Anna regardait ailleurs, Georg pensa intérieurement que cela suffisait. Un moment de silence pénible suivit.

- C'est donc pour cela ? demanda Anna lentement.

- Que voulez-vous dire ? s'enquit Berthold.

- C'est pour cela que vous démissionnez ?

- Un homme comme vous, docteur, est certainement au-dessus de ces grossièretés, dit M. Rosner.

- Je n'irai pas jusqu'à l'affirmer, répliqua Berthold, mais, de toutes façons, il faut s'attendre à des choses pareilles. La raison de ma démission est autre.

- Et peut-on vous demander... ? questionna Georg.
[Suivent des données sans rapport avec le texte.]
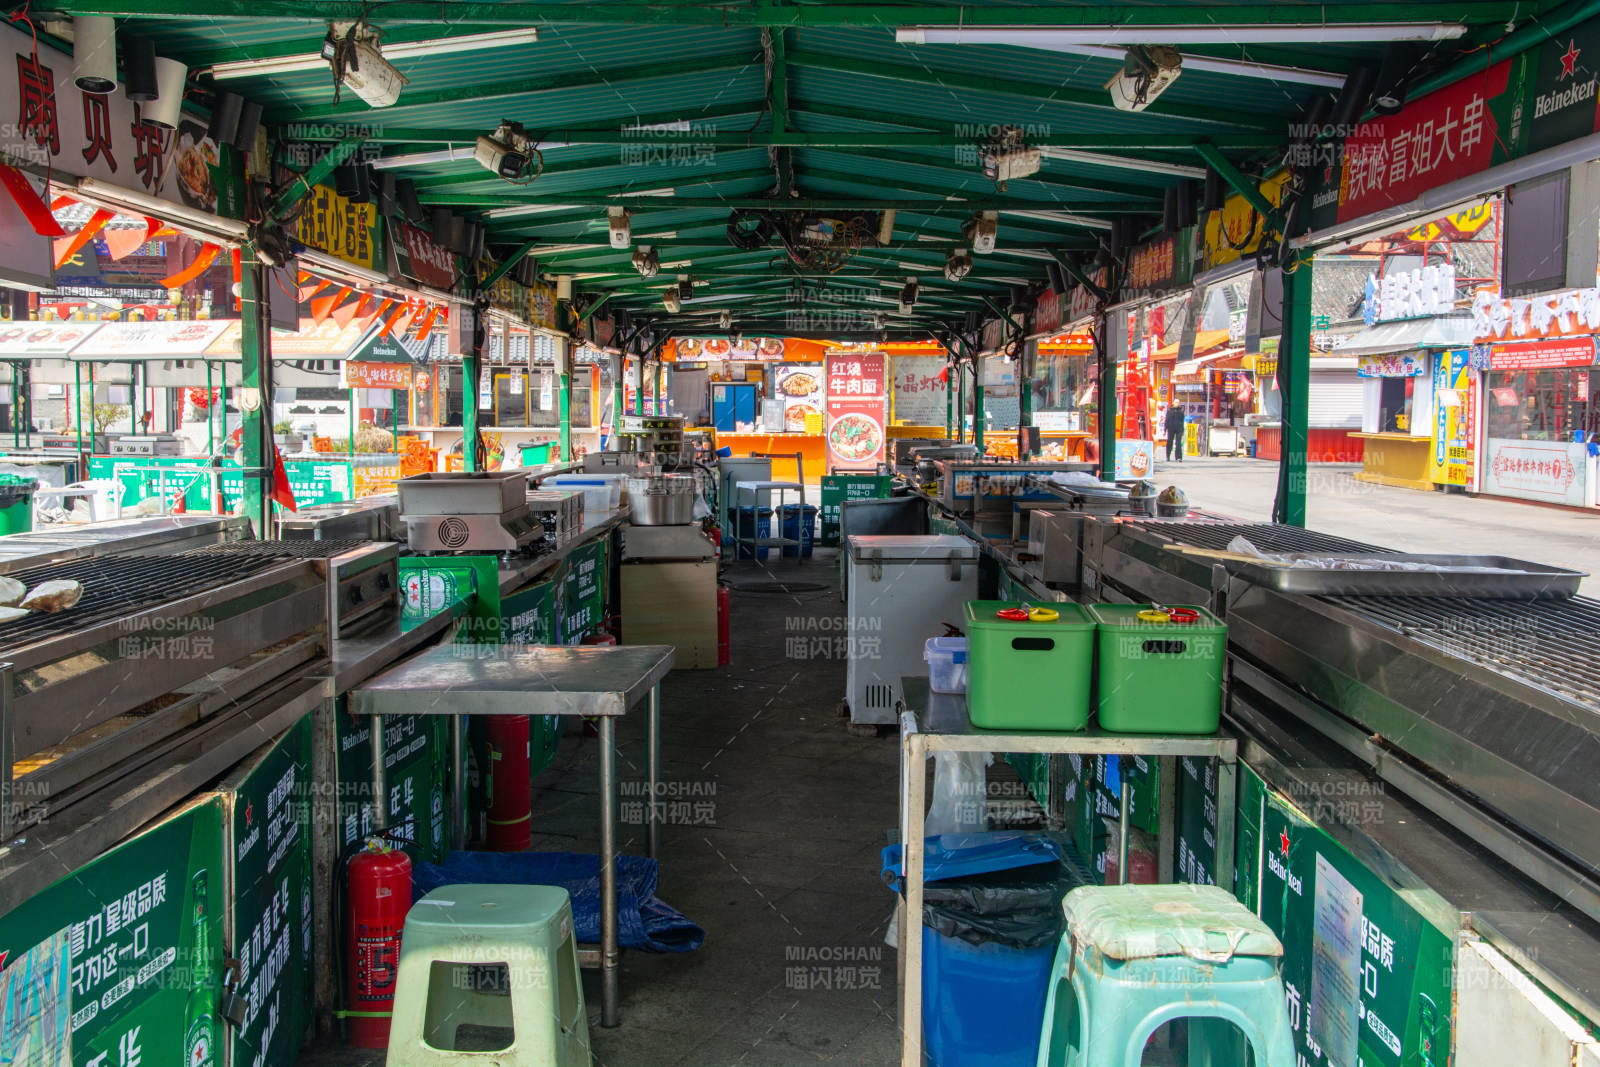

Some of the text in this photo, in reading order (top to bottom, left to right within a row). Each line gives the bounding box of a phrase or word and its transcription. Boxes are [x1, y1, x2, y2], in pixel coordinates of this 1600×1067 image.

[1534, 79, 1596, 119] Heineken
[1348, 93, 1485, 201] 铁岭富姐大串
[1313, 191, 1338, 210] Heineken
[373, 346, 397, 356] Heineken
[831, 362, 861, 376] 红烧
[830, 378, 877, 395] 牛肉面
[342, 728, 370, 752] Heineken
[238, 826, 260, 863] Heineken
[1268, 850, 1303, 896] Heineken
[71, 871, 168, 958] 喜力星级品质
[71, 920, 149, 996] 只为这一口
- Bien sûr que l'on peut. Après mon intervention, je me suis rendu à la buvette. Là, j'ai rencontré parmi d'autres un des plus bêtes et des plus insolents de nos représentants, celui qui, comme de coutume, s'était montré le plus bruyant pendant mon discours... Le négociant en papier Jalaudek. Je l'ignore, naturellement. Il venait de reposer son verre vide. Il me voit, sourit, me fait signe et me salue tout enjoué comme si rien ne s'était passé. "J'ai bien l'honneur, cher monsieur, désirez-vous un rafraîchissement ?"

- Incroyable ! s'exclama Georg.

- Incroyable ? Non, autrichien. Chez nous, l'indignation est aussi peu authentique que l'enthousiasme. Les seules choses authentiques chez nous, ce sont la joie maligne et la haine envers le talent."

(Arthur Schnitzler, "Vienne au Crépuscule")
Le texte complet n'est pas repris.